Problem to work on: Your answer must be an exact repetition of every record.

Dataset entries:
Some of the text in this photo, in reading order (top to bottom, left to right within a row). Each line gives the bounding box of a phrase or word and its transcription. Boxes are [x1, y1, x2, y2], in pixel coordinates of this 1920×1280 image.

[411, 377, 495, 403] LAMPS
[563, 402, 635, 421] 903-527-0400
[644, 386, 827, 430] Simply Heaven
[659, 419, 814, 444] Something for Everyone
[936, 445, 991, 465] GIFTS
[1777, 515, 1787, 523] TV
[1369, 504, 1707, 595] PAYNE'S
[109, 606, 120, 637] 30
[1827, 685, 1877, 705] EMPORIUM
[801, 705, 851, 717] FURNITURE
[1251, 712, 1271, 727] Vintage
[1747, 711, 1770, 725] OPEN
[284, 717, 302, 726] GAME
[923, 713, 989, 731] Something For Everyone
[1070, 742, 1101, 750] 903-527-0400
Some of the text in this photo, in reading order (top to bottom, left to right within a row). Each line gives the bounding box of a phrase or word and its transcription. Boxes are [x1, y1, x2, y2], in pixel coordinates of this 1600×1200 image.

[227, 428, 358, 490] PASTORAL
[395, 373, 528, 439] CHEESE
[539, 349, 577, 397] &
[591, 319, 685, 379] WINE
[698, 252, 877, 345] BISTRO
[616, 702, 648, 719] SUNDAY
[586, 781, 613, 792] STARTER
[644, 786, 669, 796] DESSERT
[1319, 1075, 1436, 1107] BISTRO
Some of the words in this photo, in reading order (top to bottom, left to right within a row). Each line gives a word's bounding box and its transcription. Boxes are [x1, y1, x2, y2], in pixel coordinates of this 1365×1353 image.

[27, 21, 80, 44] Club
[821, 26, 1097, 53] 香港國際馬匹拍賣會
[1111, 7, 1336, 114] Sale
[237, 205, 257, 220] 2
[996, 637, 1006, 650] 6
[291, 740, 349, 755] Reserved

Solution to this exercise:
Some of the text in this photo, in reading order (top to bottom, left to right within a row). Each line gives the bounding box of a phrase or word and its transcription. Boxes are [x1, y1, x2, y2], in pixel coordinates of this 1920×1280 image.

[411, 377, 495, 403] LAMPS
[563, 402, 635, 421] 903-527-0400
[644, 386, 827, 430] Simply Heaven
[659, 419, 814, 444] Something for Everyone
[936, 445, 991, 465] GIFTS
[1777, 515, 1787, 523] TV
[1369, 504, 1707, 595] PAYNE'S
[109, 606, 120, 637] 30
[1827, 685, 1877, 705] EMPORIUM
[801, 705, 851, 717] FURNITURE
[1251, 712, 1271, 727] Vintage
[1747, 711, 1770, 725] OPEN
[284, 717, 302, 726] GAME
[923, 713, 989, 731] Something For Everyone
[1070, 742, 1101, 750] 903-527-0400
Some of the text in this photo, in reading order (top to bottom, left to right within a row). Each line gives the bounding box of a phrase or word and its transcription. Boxes are [x1, y1, x2, y2], in pixel coordinates of this 1600×1200 image.

[227, 428, 358, 490] PASTORAL
[395, 373, 528, 439] CHEESE
[539, 349, 577, 397] &
[591, 319, 685, 379] WINE
[698, 252, 877, 345] BISTRO
[616, 702, 648, 719] SUNDAY
[586, 781, 613, 792] STARTER
[644, 786, 669, 796] DESSERT
[1319, 1075, 1436, 1107] BISTRO
Some of the words in this photo, in reading order (top to bottom, left to right within a row). Each line gives a word's bounding box and its transcription. Boxes are [x1, y1, x2, y2], in pixel coordinates of this 1365×1353 image.

[27, 21, 80, 44] Club
[821, 26, 1097, 53] 香港國際馬匹拍賣會
[1111, 7, 1336, 114] Sale
[237, 205, 257, 220] 2
[996, 637, 1006, 650] 6
[291, 740, 349, 755] Reserved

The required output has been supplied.